Para pensar

De José Saramago, em Cadernos de Lanzarote (ed. Companhia das Letras, 1997, p. 421):

“É urgente regressar ao pensamento socialista, que não existe outro caminho que possa restituir-nos, de forma plena, ao menos satisfatória, um sentido humano, humano autenticamente, de dignidade e de solidariedade. Não devemos aceitar que a justa acusação e a justa denúncia dos inúmeros erros e crimes cometidos em nome do socialismo nos intimidem: a nossa escolha não tem por que ser feita entre socialismos que foram pervertidos e capitalismos perversos de origem, mas entre a humanidade que o socialismo pode ser e a inumanidade que o capitalismo sempre foi. Aquele ‘capitalismo de rosto humano’, de que tanto se falou nas tais décadas atrás, não passava de uma máscara hipócrita.

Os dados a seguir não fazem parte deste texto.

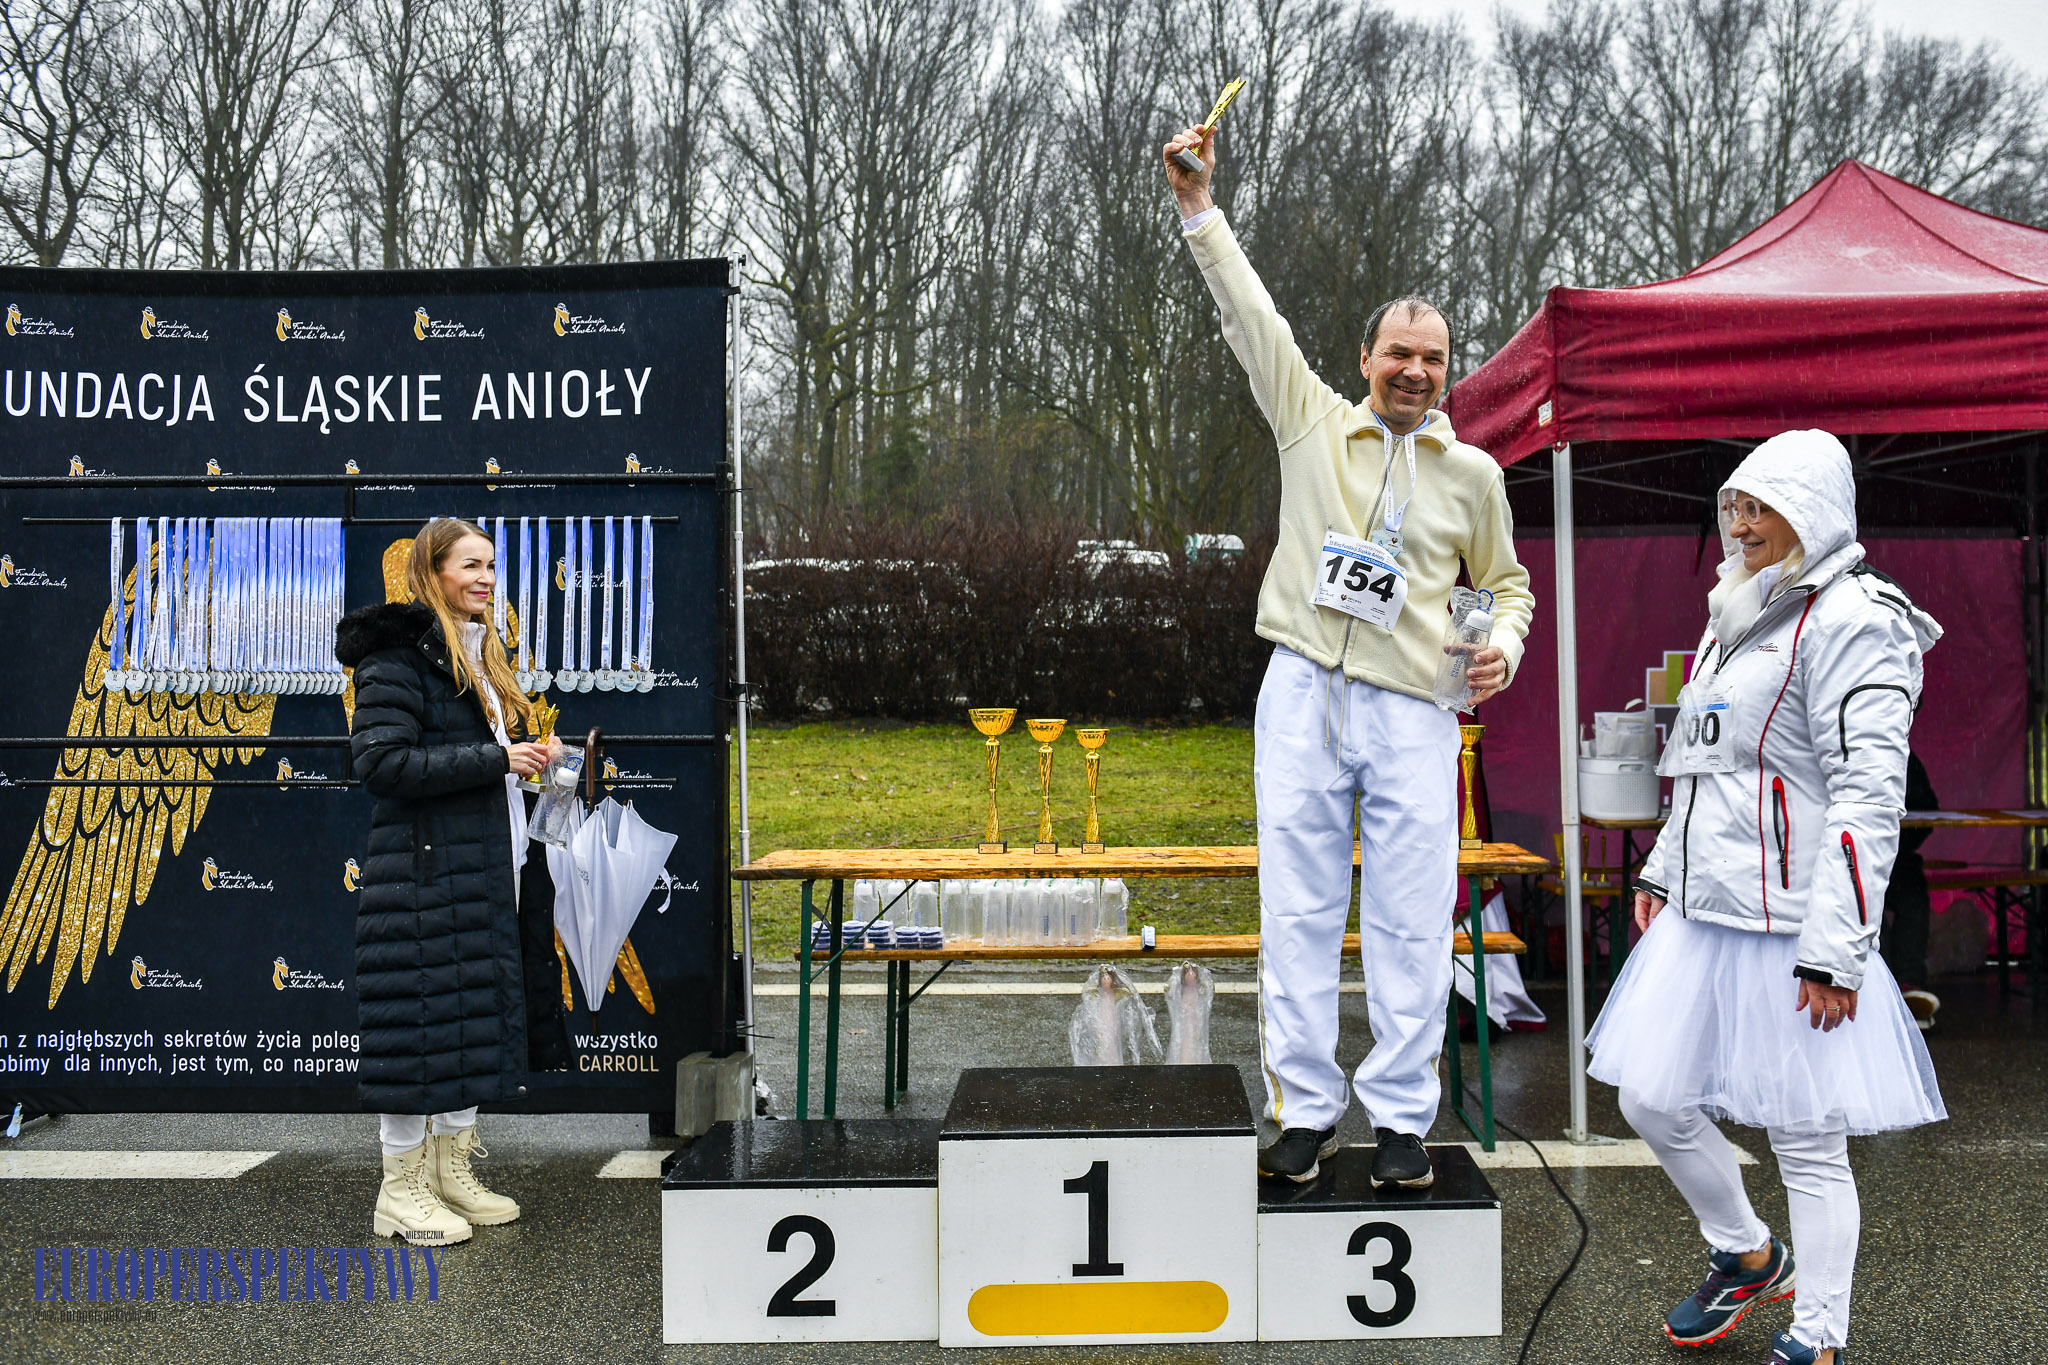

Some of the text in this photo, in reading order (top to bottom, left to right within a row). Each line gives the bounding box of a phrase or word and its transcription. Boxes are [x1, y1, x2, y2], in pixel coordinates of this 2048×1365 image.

[5, 363, 652, 435] UNDACJA ŚLĄSKIE ANIOŁY
[1326, 555, 1397, 603] 154
[0, 1053, 360, 1077] obimy dla innych, jest tym, co napraw
[17, 1034, 27, 1048] z
[37, 1029, 154, 1052] najgłębszych
[164, 1029, 247, 1048] sekretów
[256, 1029, 301, 1052] życia
[312, 1030, 360, 1053] poleg
[574, 1030, 658, 1053] wszystko
[579, 1054, 660, 1073] CARROLL
[1063, 1160, 1124, 1277] 1
[766, 1214, 836, 1317] 2
[1345, 1221, 1417, 1328] 3

Por sua vez, o ‘capitalismo de Estado’, funesta prática dos países ditos do ‘socialismo real’, foi uma caricatura trágica do ideal socialista. Mas esse ideal, apesar de tão espezinhado e escarnecido, não morreu, perdura, continua a resistir: talvez por ser, simplesmente, embora como tal não venha mencionado nos dicionários, um sinônimo da esperança.”